--- INFORMATION Enclosed Below ---
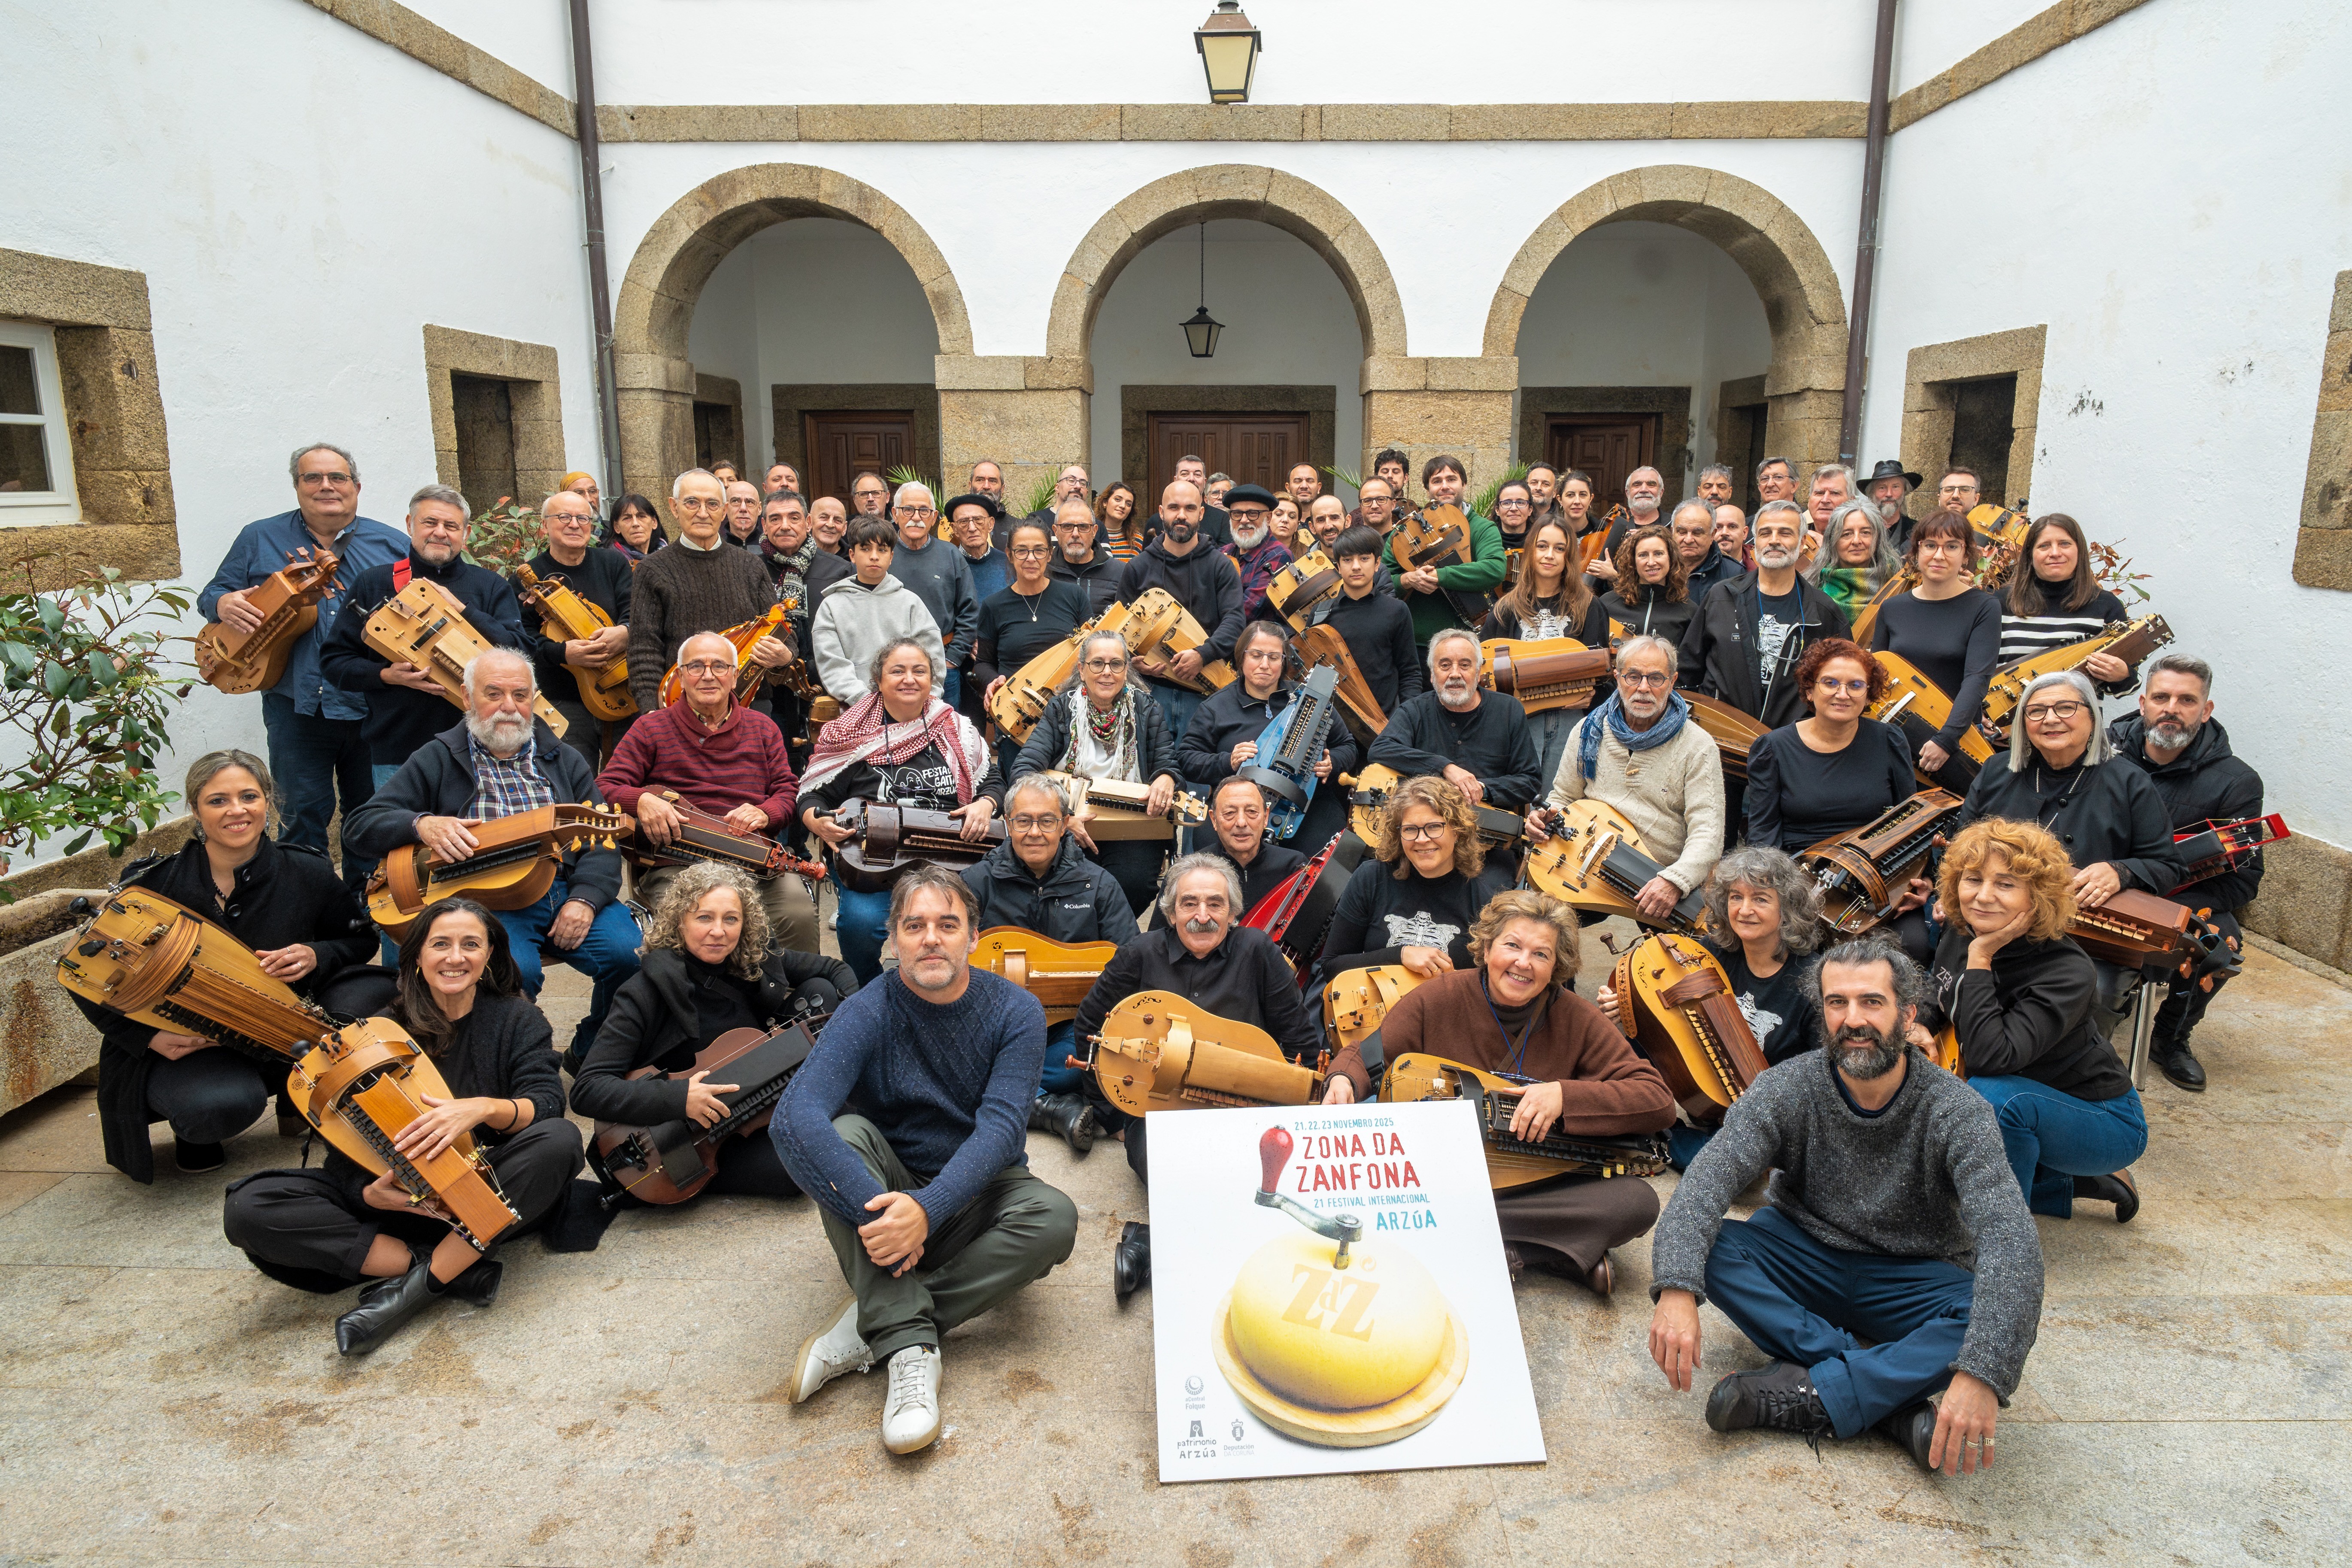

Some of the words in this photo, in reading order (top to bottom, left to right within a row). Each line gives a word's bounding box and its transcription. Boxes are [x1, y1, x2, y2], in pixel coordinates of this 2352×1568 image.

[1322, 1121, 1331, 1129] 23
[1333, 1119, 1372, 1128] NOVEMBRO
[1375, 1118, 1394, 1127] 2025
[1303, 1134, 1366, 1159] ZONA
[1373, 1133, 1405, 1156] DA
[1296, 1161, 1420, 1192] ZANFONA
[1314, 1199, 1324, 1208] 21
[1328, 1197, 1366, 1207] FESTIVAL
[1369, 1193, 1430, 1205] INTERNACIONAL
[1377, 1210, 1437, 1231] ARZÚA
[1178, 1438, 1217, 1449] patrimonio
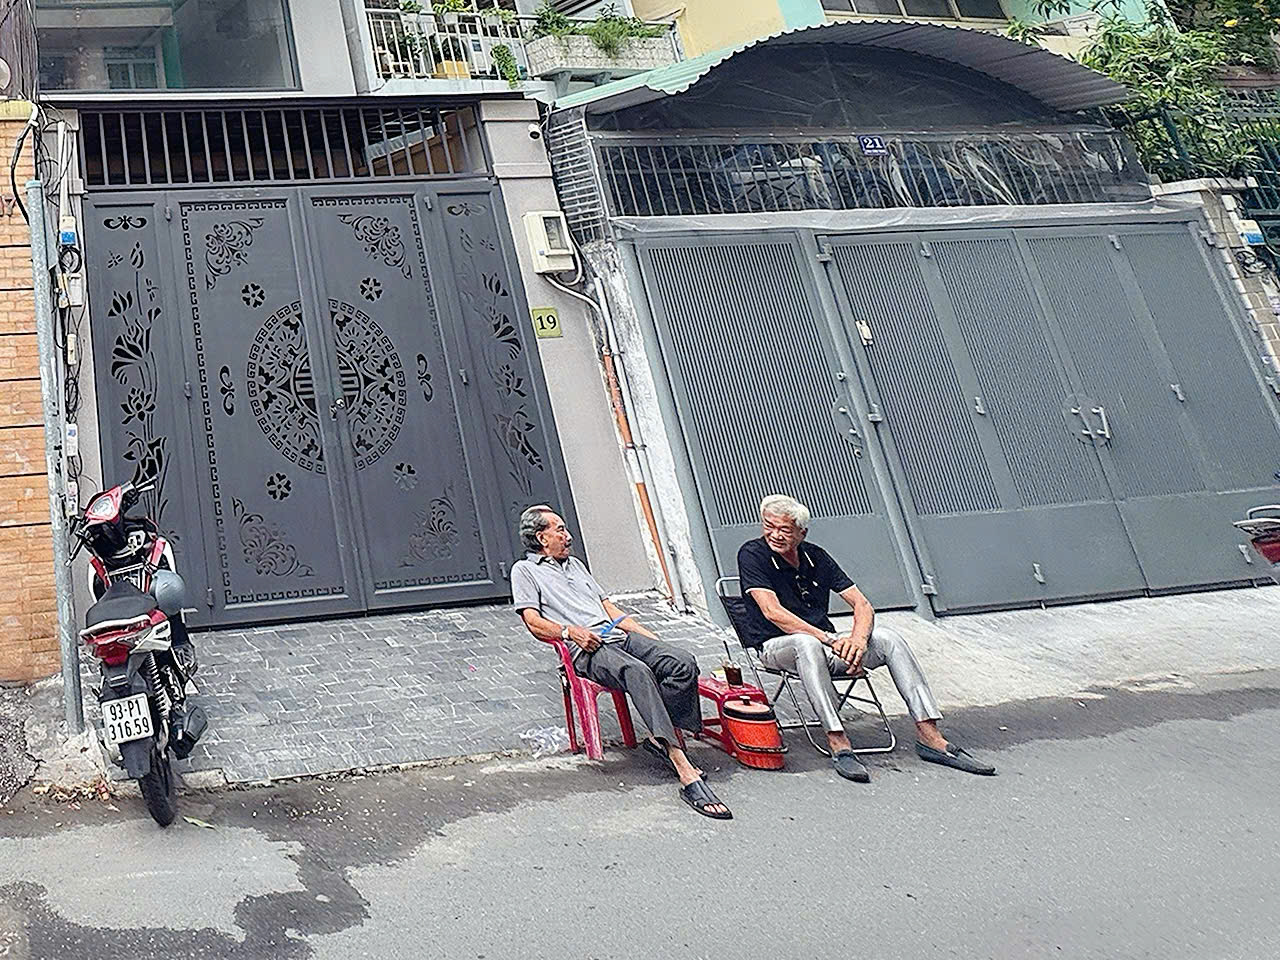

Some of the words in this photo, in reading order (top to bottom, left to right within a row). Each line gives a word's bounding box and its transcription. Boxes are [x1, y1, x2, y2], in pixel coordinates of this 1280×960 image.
--- End of Enclosed INFORMATION ---
WORK REQUIRED: Write out each entry exactly; any pictures stay out of the copy.

YOUR SOLUTION:
Some of the words in this photo, in reading order (top to bottom, left to right within a row). Each line gives a word's bounding box and its transcription. Boxes are [x1, y1, x2, y2], in pixel coordinates of this 2352×1568 image.

[1322, 1121, 1331, 1129] 23
[1333, 1119, 1372, 1128] NOVEMBRO
[1375, 1118, 1394, 1127] 2025
[1303, 1134, 1366, 1159] ZONA
[1373, 1133, 1405, 1156] DA
[1296, 1161, 1420, 1192] ZANFONA
[1314, 1199, 1324, 1208] 21
[1328, 1197, 1366, 1207] FESTIVAL
[1369, 1193, 1430, 1205] INTERNACIONAL
[1377, 1210, 1437, 1231] ARZÚA
[1178, 1438, 1217, 1449] patrimonio

Some of the words in this photo, in reading order (top to bottom, left to right within a row). Each line gives a word's bounding box and its transcription. Boxes are [x1, y1, x2, y2], in pixel coordinates of this 1280×960 image.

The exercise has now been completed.